◆ **Listed records**:
- - - - - - -

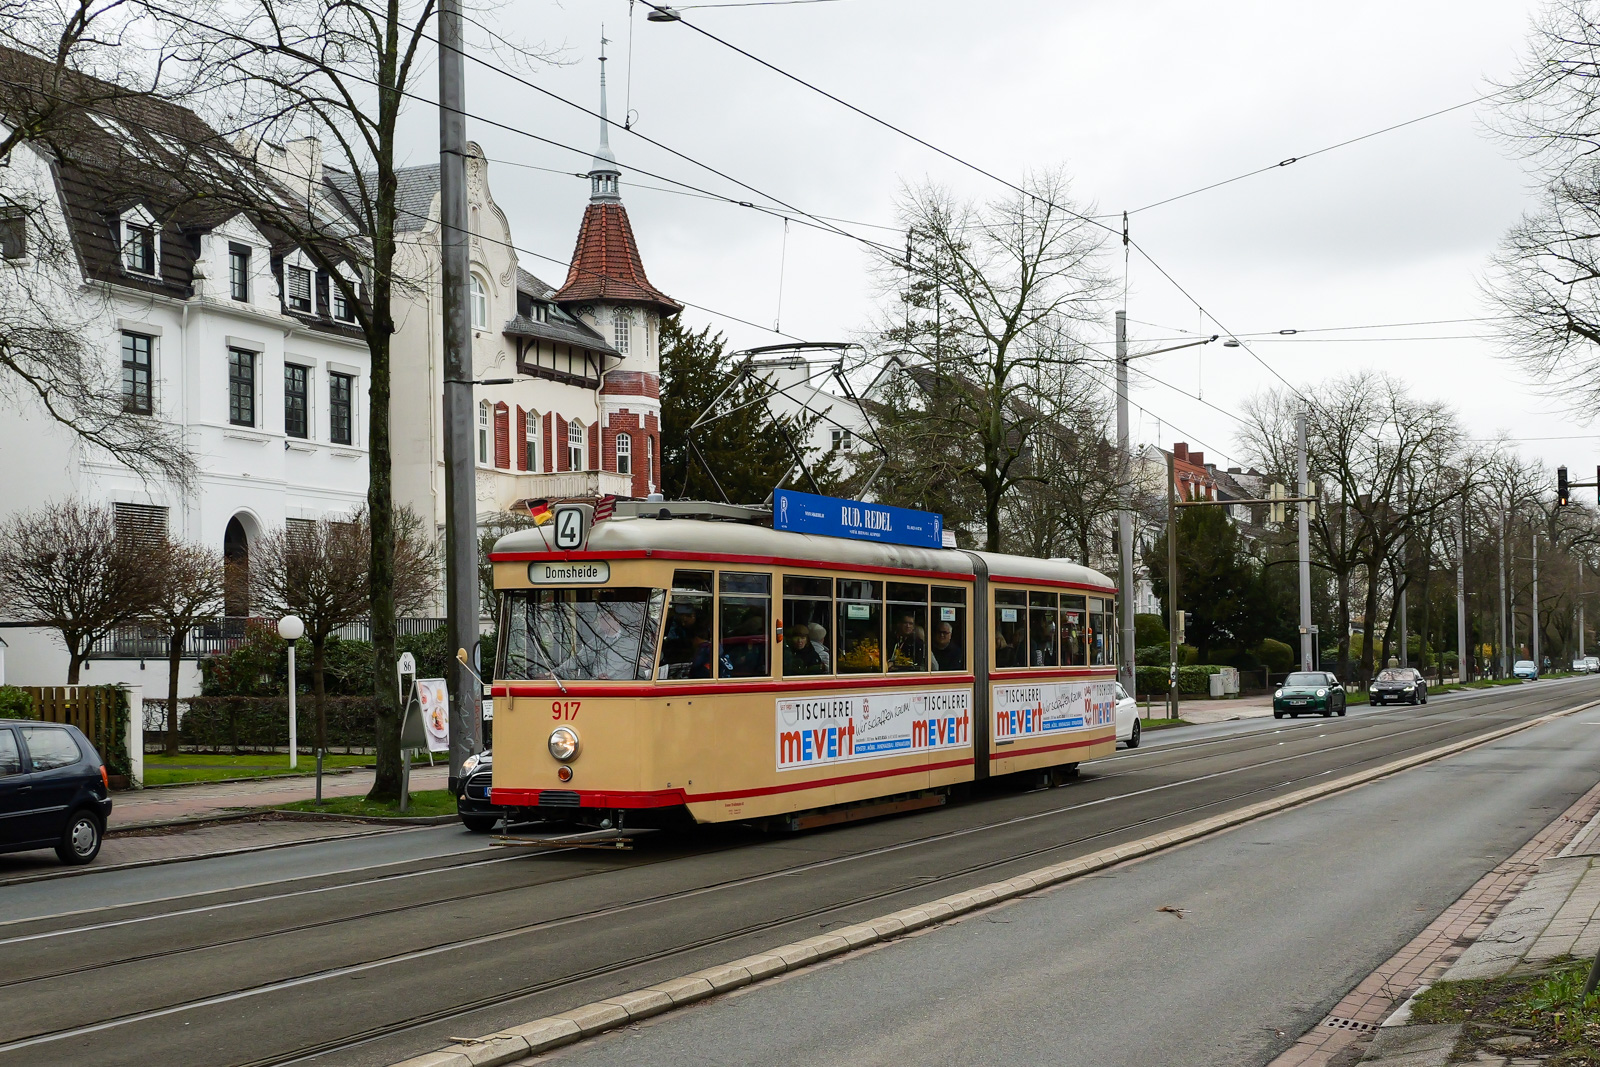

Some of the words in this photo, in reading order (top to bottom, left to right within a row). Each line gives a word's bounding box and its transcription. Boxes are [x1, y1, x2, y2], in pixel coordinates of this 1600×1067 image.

[560, 512, 576, 543] 4
[841, 506, 863, 528] RUD.
[864, 509, 893, 532] REDEL
[545, 565, 598, 579] Domsheide
[403, 660, 412, 672] 86
[924, 694, 968, 711] TISCHLEREI
[1005, 688, 1042, 703] TISCHLEREI
[551, 701, 581, 721] 917
[795, 700, 853, 721] TISCHLEREI
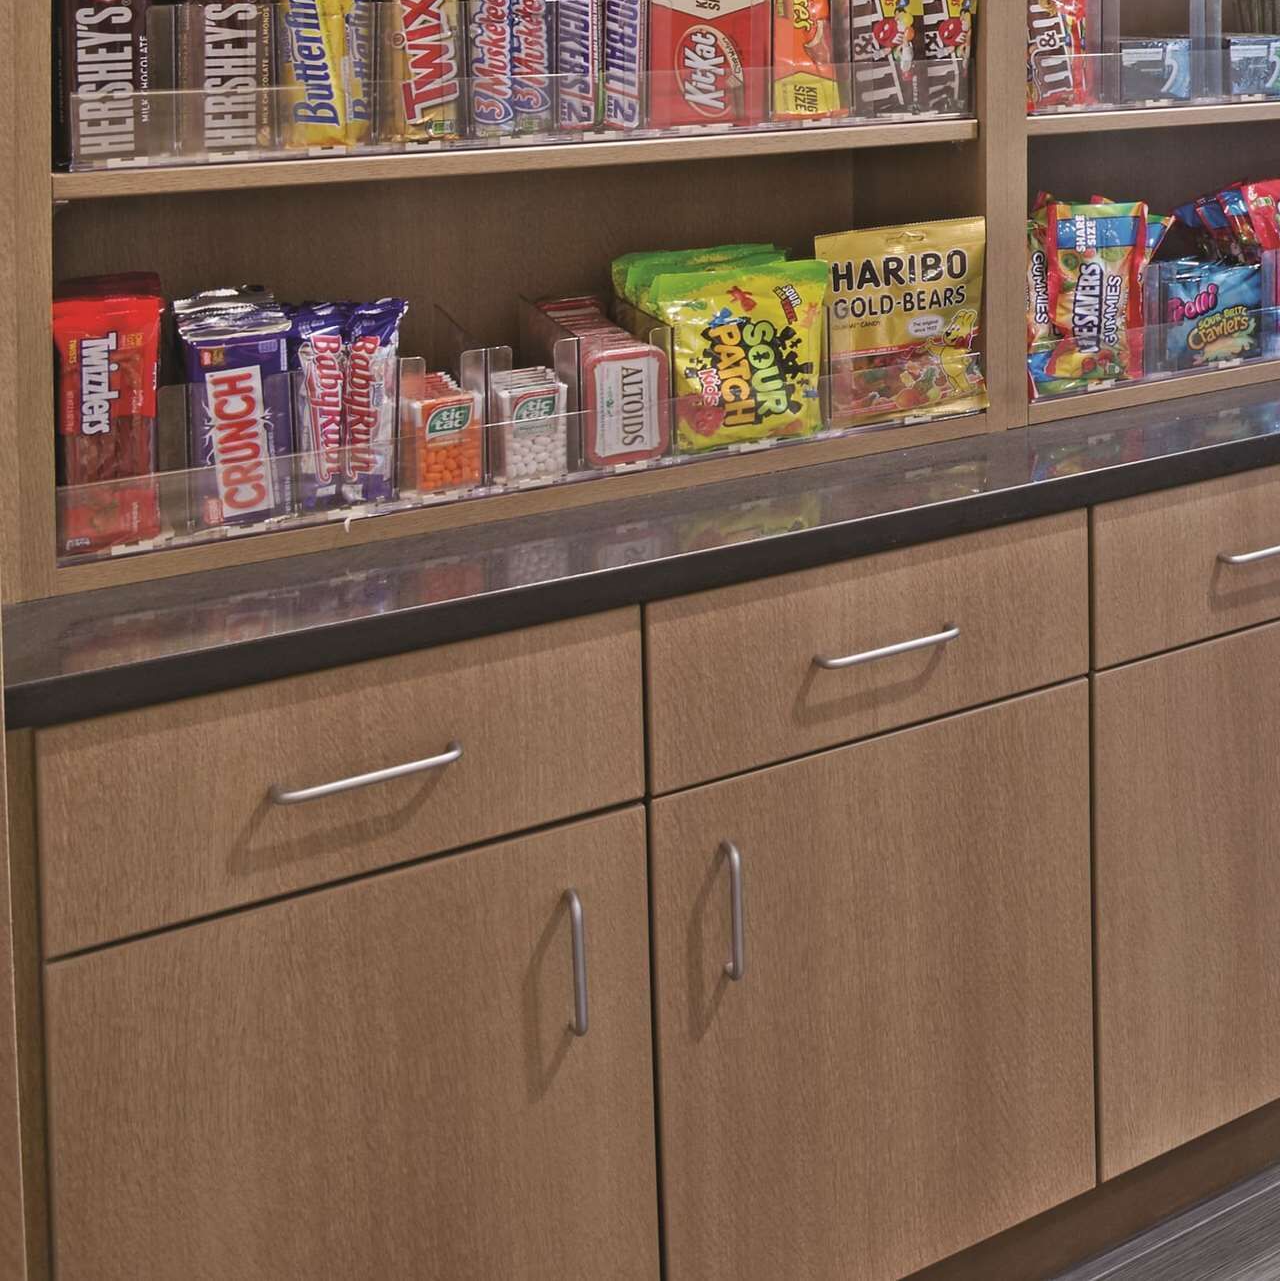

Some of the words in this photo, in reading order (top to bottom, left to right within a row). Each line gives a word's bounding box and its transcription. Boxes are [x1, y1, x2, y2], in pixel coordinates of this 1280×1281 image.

[76, 6, 135, 154] HERSHEY'S
[204, 4, 257, 147] HERSHEY'S
[141, 92, 151, 123] MILK
[794, 85, 806, 112] SIZE
[806, 87, 817, 112] KING
[1075, 215, 1086, 252] SHARE
[1087, 220, 1097, 246] SIZE
[832, 250, 967, 292] HARIBO
[1032, 250, 1049, 324] GUMMIES
[834, 286, 966, 319] GOLD-BEARS
[1104, 275, 1122, 346] GUMMIES
[1188, 314, 1248, 349] Crawlers
[81, 332, 118, 436] Twizzlers
[711, 324, 756, 426] PATCH
[744, 320, 788, 416] SOUR
[435, 419, 460, 430] tac
[442, 409, 463, 420] tic
[528, 399, 547, 412] tic
[621, 367, 645, 445] ALTOIDS
[213, 371, 267, 511] CRUNCH
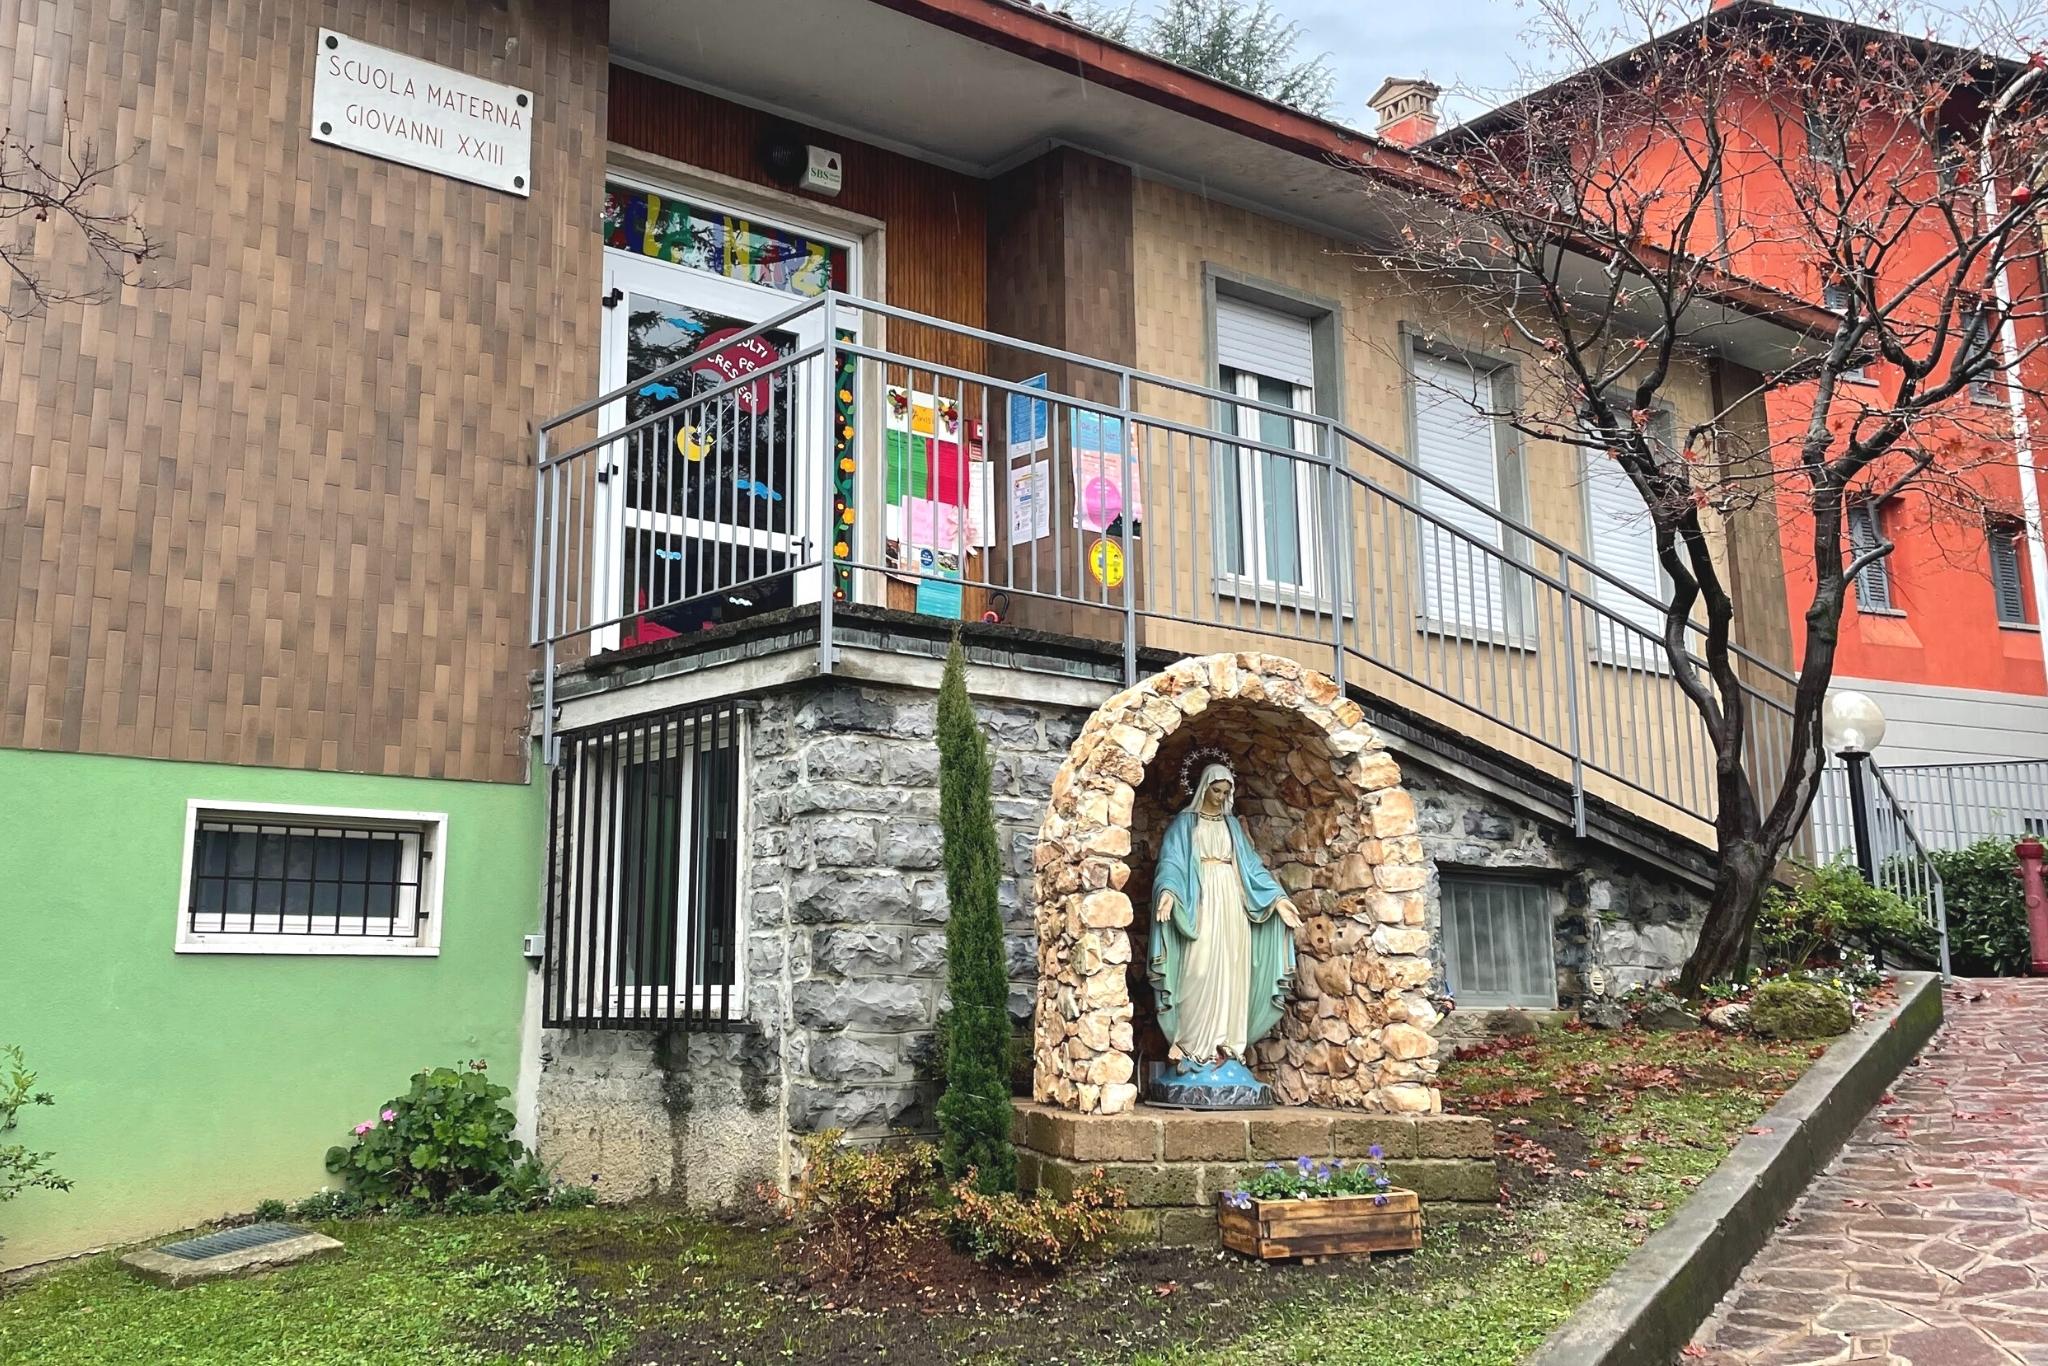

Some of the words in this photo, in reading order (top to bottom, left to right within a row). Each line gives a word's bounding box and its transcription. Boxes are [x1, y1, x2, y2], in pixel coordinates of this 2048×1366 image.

[329, 55, 415, 98] SCUOLA
[427, 84, 521, 130] MATERNA
[346, 104, 443, 148] GIOVANNI
[457, 134, 504, 165] XXIII
[811, 167, 829, 180] SBS
[739, 357, 760, 373] PE

- - - - - - -

◆ **To do**:
Reproduce the records above exactly, starting with the line that contains "this 2048×1366 image." and ending with the last line.

◆ **Result**:
Some of the words in this photo, in reading order (top to bottom, left to right within a row). Each line gives a word's bounding box and its transcription. Boxes are [x1, y1, x2, y2], in pixel coordinates of this 2048×1366 image.

[329, 55, 415, 98] SCUOLA
[427, 84, 521, 130] MATERNA
[346, 104, 443, 148] GIOVANNI
[457, 134, 504, 165] XXIII
[811, 167, 829, 180] SBS
[739, 357, 760, 373] PE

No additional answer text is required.